Earlier today, The A.V. Club, The Onion's for-serious arts and criticism auxiliary unit, released its list of the Best Comics of the '00s, featuring 25 comics/graphic novels and (separately) five reprint collections, ordered alphabetically. Now, it's just one of many media outlets producing lists of this sort as the decade draws to a close -- pretty soon, we'll be able to come up with a "Best 'Best Comics of the '00s' Lists" list -- and disagreement with such exercises is to be expected. Indeed, it's sort of the point. But I found The A.V. Club's list problematic in ways that go beyond the usual "That book?No way!" and "Hey, you forgot about ..." complaints.



So let's start by getting those complaints out of the way, since they're the most subjective. The list's own introduction cites a quartet of comics that just missed the cut -- Scott Pilgrim, Astro City, The Walking Dead and the work of Jaime and Gilbert Hernandez -- and I could see reasonable cases being made for three of the four, not that I'd necessarily agree with them. Given the mainstream-accessible tenor of the list, I also think you can get enough of a sense of the standards being applied to argue for several obvious oversights: David B.'s Epileptic, Phoebe Gloeckner's The Diary of a Teenage Girl and Joe Sacco's Safe Area Gorazde, for example. Moreover, the titles selected for particular creators can leave you scratching your head: One! Hundred! Demons! instead of What It Is, the gag/parody-centric Acme Novelty Library oversized hardcover rather than Jimmy Corrigan, Rick Geary's The Mystery of Mary Rogers instead of, well, any of Geary's other old-time crime books. Finally, in some cases, I think the selected books are bettered by other, similar efforts: I'd have picked B.P.R.D. over The Goon for quirky horror-action, for example, or The Walking Dead over Y: The Last Man for lengthy post-apocalyptic serials, or Shortcomings over Box Office Poison for slice-of-life drama.



But the list has far more fundamental problems than its individual selections. The one that's getting the most attention around the comics Internet, of course, is the complete absence of manga. I'll be the first to apologize if a separate, all-manga list is forthcoming. But as it stands now, the lack of a single Japanese comic on a best-of list for a decade during which such comics reached unprecedented popularity in the North American market -- and during which an equally unprecedented number of acclaimed titles from nearly every time period and genre have finally seen the light of English translation and publication -- is utterly egregious. Even if you put aside the treasure trove of reprints of classic titles that have reached our shores, recent work by Naoki Urasawa, Yuichi Yokoyama, Ai Yazawa, Makoto Yukimura, Yoshihiro Tatsumi, Junji Ito, Jiro Taniguchi, Taiyo Matsumoto and countless other creators surely merits at least one slot on the list. And that's to say nothing of the rock-solid entertainment provided by mainstream hits from Naruto to Death Note -- would they look all that out of place on a list that includes All-Star Superman, DC: The New Frontier and the Bendis/Maleev Daredevil run?

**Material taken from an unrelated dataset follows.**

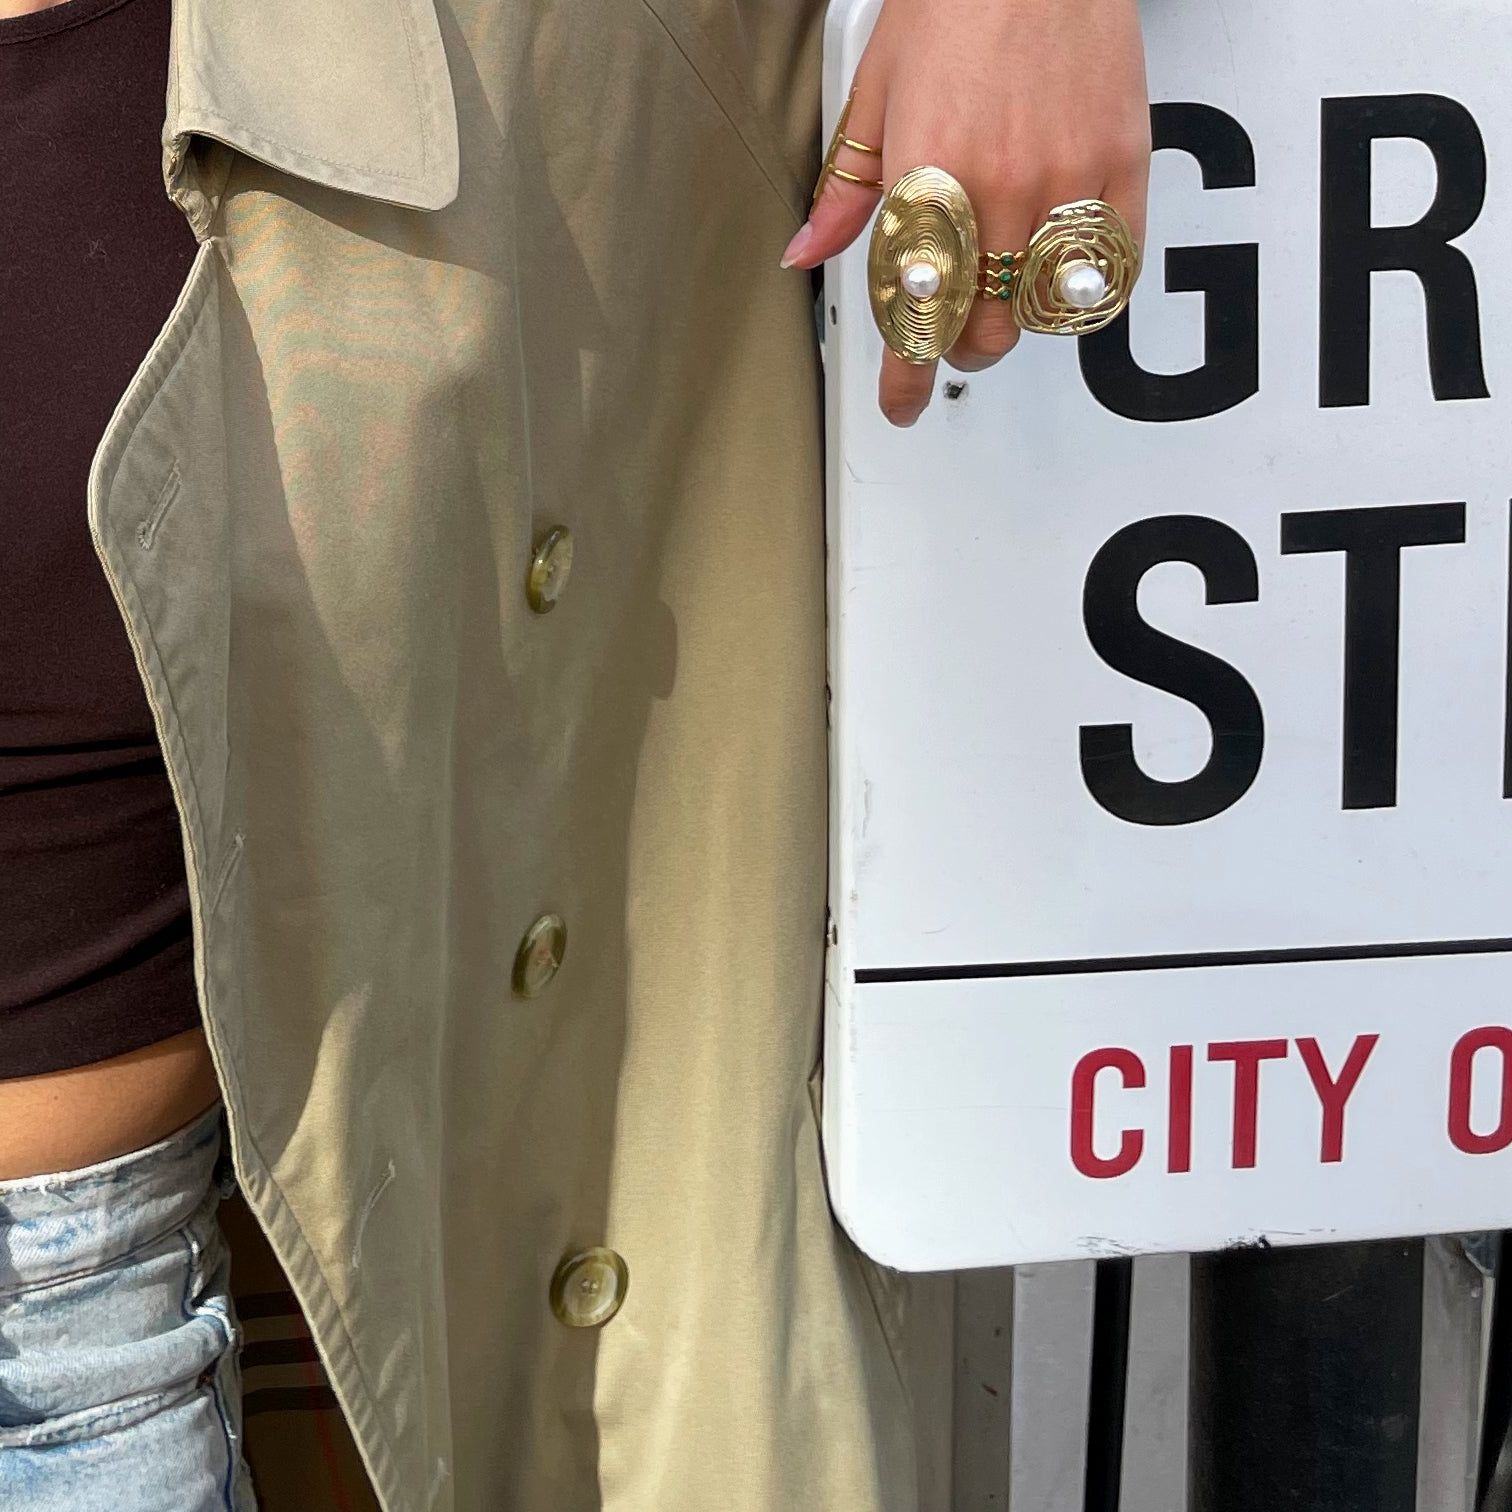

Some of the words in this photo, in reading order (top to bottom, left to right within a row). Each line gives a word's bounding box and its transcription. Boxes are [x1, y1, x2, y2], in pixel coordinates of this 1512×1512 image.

Equally notable, to me at least, is the conservative nature of the list's "alternative" picks. Yes, there are a couple of left-field choices -- Geary's inclusion was a surprise, as was Michael Kupperman's weird, wonderful Tales Designed to Thrizzle. But in the main, the books and authors selected from the world of alt / art / indie / underground / whatever comics are a tastefully literary bunch, focusing on New Yorker-friendly storytelling modes like memoir, current events, biography, bildungsroman, and slice-of-life. By my count, Chris Ware, David Mazzucchelli, Charles Burns, Craig Thompson, Daniel Clowes, Alison Bechdel, Seth, James Sturm, Marjane Satrapi, Jason, Alex Robinson and even Kupperman have all either been published by a major New York book publisher or appeared in the pages of The New York Times. Meanwhile, just to name one example, the entire underground tradition emanating from Providence, Rhode Island, centered on the Fort Thunder collective, and spawning a lineage published at various times through Highwater, Paper Rodeo, Red Ink, Bodega, Buenaventura and PictureBox is totally missing; not even its representative landmark anthologies Kramers Ergot 4 and Kramers Ergot 7 made the cut. Plus, the Burns and Clowes books excepted, you're also not seeing the wave of altcomix reclamations of genre fiction, from Paul Pope to Powr Mastrs to Prison Pit. From minicomics to markmaking, sequential art's avant garde -- not to mention its generational vanguard -- is pretty much persona non grata here.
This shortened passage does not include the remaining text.